Room 3: The French

Maniac Raving’s – or – Little Boney in a Strong Fit
James Gillray, 24 May 1803

At the start of the 19th century, Britain faced a new foe: Napoleon Bonaparte. Fearful of his ever expanding dominance of Europe and the possibility of a British invasion, the land was abuzz with ‘scarlet fever’.

In light of this, Gillray and his fellow satirists attacked the Emperor in the best way they could. They created one of the greatest myths in history: the idea that Napoleon was short. In fact, he was of average height for the time and probably stood taller than Nelson.
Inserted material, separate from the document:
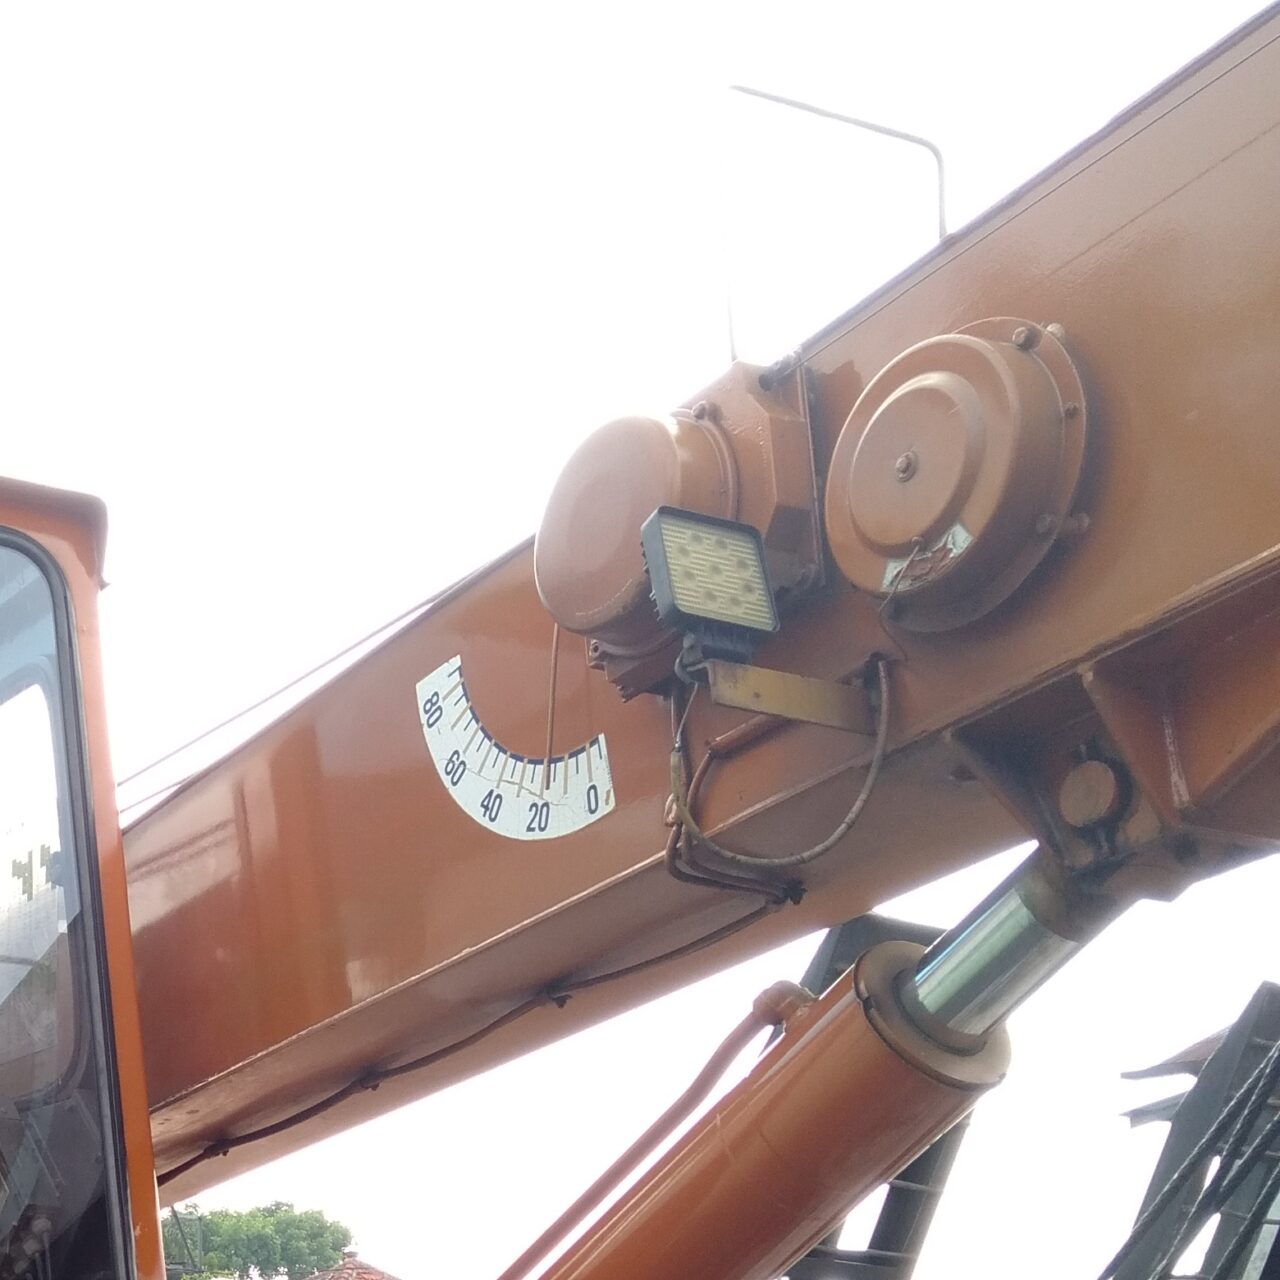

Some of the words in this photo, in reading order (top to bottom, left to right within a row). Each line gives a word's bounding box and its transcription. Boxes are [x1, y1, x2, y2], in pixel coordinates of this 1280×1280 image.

Nevertheless, a new power hungry, tantrum-ridden character – ‘Little Boney’ – was born. He is the subject of this print, with fists clenched and his face contorted with fury. He stamps on piles of British newspapers, which are strewn among other casualties of his irascible temper: a chair, table, a (now-broken) globe and a huge plumed cocked hat. And out come his lashings of rage in great long tongues of white-hot flame: ‘Oh, English Newspapers!!!’, ‘Treason! Treason! Treason!’, ‘Insolence of British Parliament’, ‘Oh cursed Liberty of ye British press!’, ‘Invasion! Invasion!’.


‘The Plumb-pudding in danger – or – State Epicures taking un Petit Souper’
James Gillray, 26 February 1805

This is Gillray’s most famous work. William Pitt, the British Prime Minister, is calm and confident, dressed in military attire and a cocked tricorn hat. His dinner guest, Napoleon, is stockier and smaller with a large hooked nose and twitching eyes. He’s sporting the uniform of the French Imperial Army, and he is dwarfed by an enormous bicorn hat with towering feathers.

The pair tuck into what appears to be an enormous steaming boiled pudding: a ‘juicy, round, delicious-looking plump raisin dumpling’. But the raisin marbling of this steaming orb sketches out the shapes of countries and continents of the globe. It’s a clever analogy: a visual representation of Britain and France’s dominance of the world. Napoleon has sliced off Spain, France, Holland and most of Europe. Pitt has gone for the Atlantic Ocean, the Americas and the West Indies.

A Shakespeare misquote hammers home the greed of these politicians: ‘the great Globe itself and all which it inherit is too small to satisfy such insatiable appetites.’